# Brief
Repeat the listing below verbatim, without its images.

──────────────────────────────

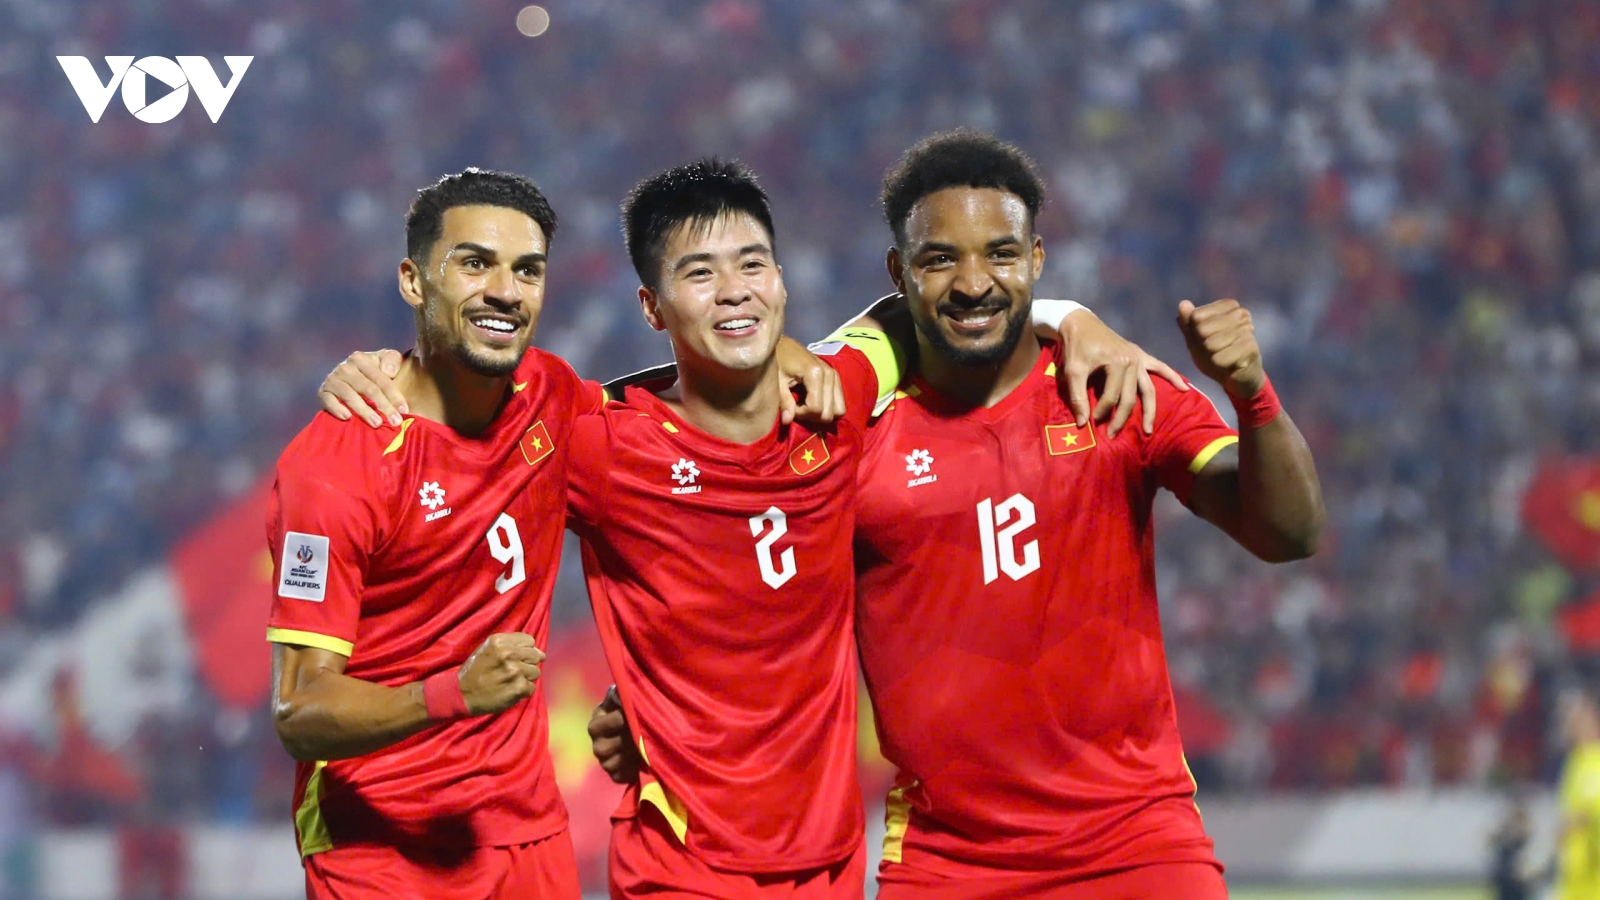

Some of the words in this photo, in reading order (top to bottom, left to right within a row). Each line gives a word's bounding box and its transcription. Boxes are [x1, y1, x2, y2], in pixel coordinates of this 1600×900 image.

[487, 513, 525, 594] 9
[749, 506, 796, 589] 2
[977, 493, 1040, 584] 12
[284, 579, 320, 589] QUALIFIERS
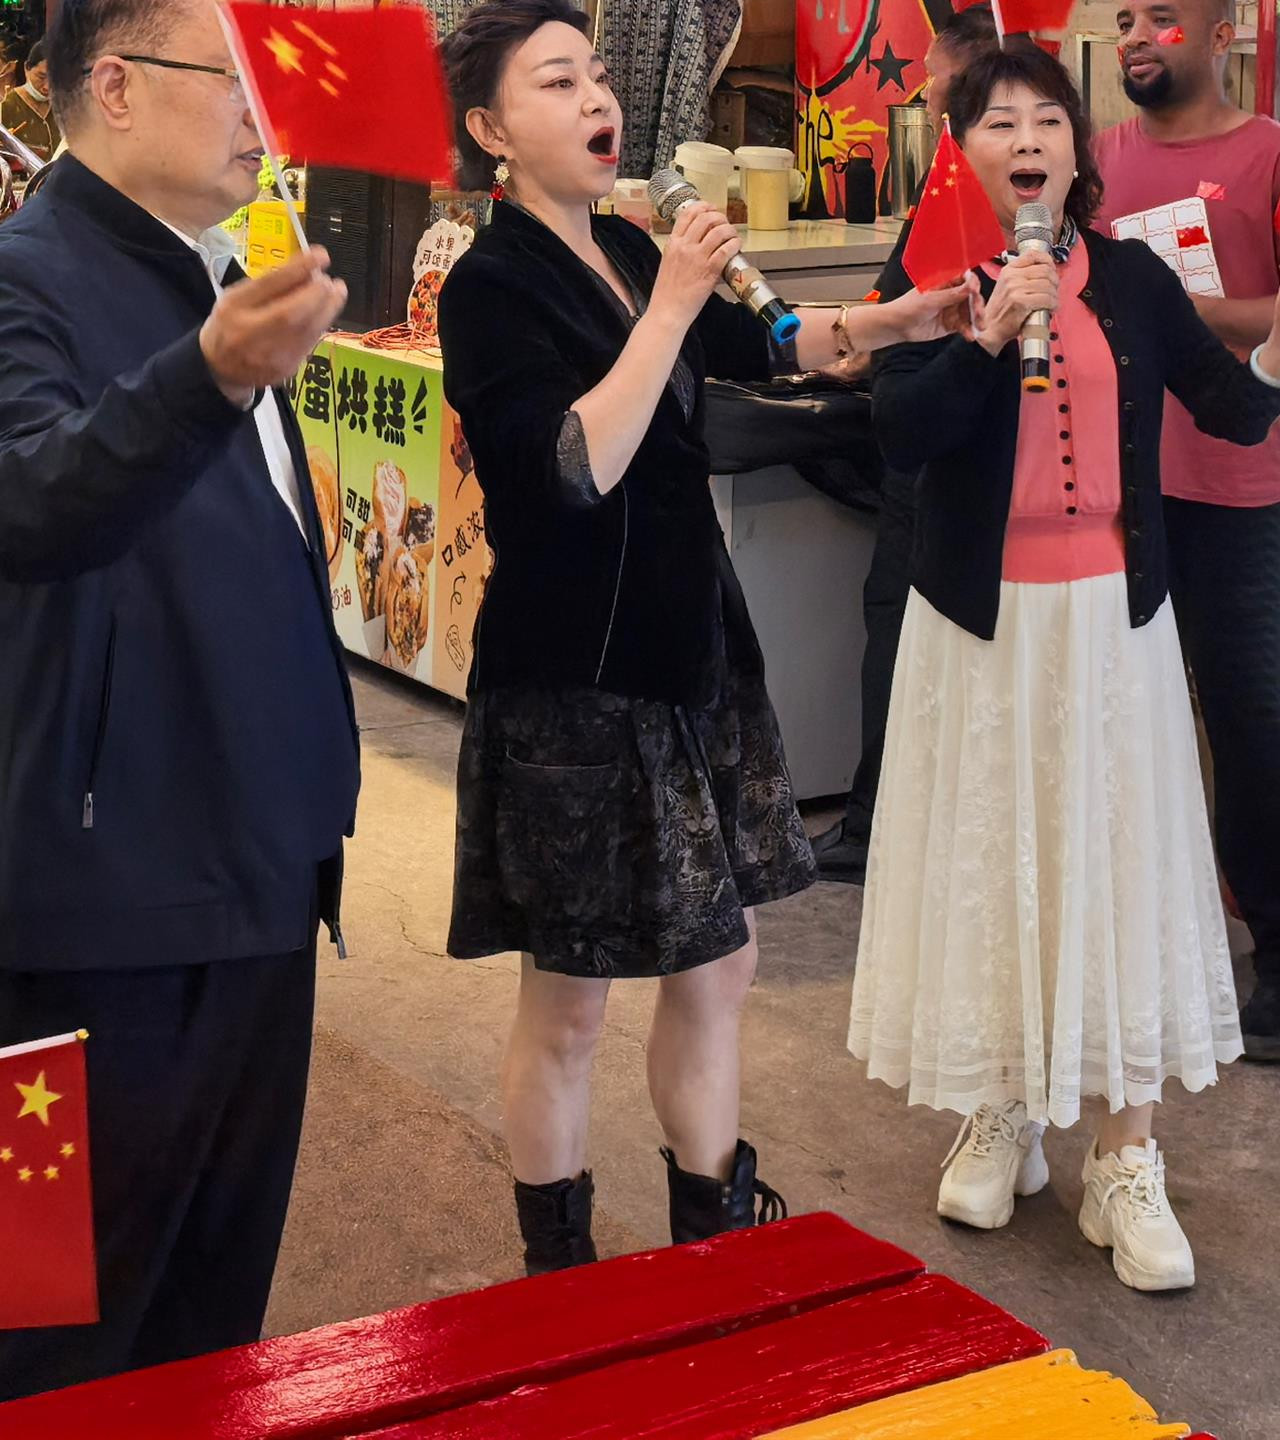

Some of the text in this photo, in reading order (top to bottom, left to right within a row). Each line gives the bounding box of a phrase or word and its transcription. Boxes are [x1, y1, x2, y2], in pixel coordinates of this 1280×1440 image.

──────────────────────────────

# Reply
Some of the words in this photo, in reading order (top to bottom, left to right within a row). Each line gives a word's bounding box and its transcription. Boxes are [x1, y1, x2, y2], in pixel coordinates of this 1600×900 image.

[487, 513, 525, 594] 9
[749, 506, 796, 589] 2
[977, 493, 1040, 584] 12
[284, 579, 320, 589] QUALIFIERS

Some of the text in this photo, in reading order (top to bottom, left to right within a row). Each line gives the bounding box of a phrase or word and its transcription. Boxes are [x1, y1, x2, y2], in pixel coordinates of this 1280×1440 image.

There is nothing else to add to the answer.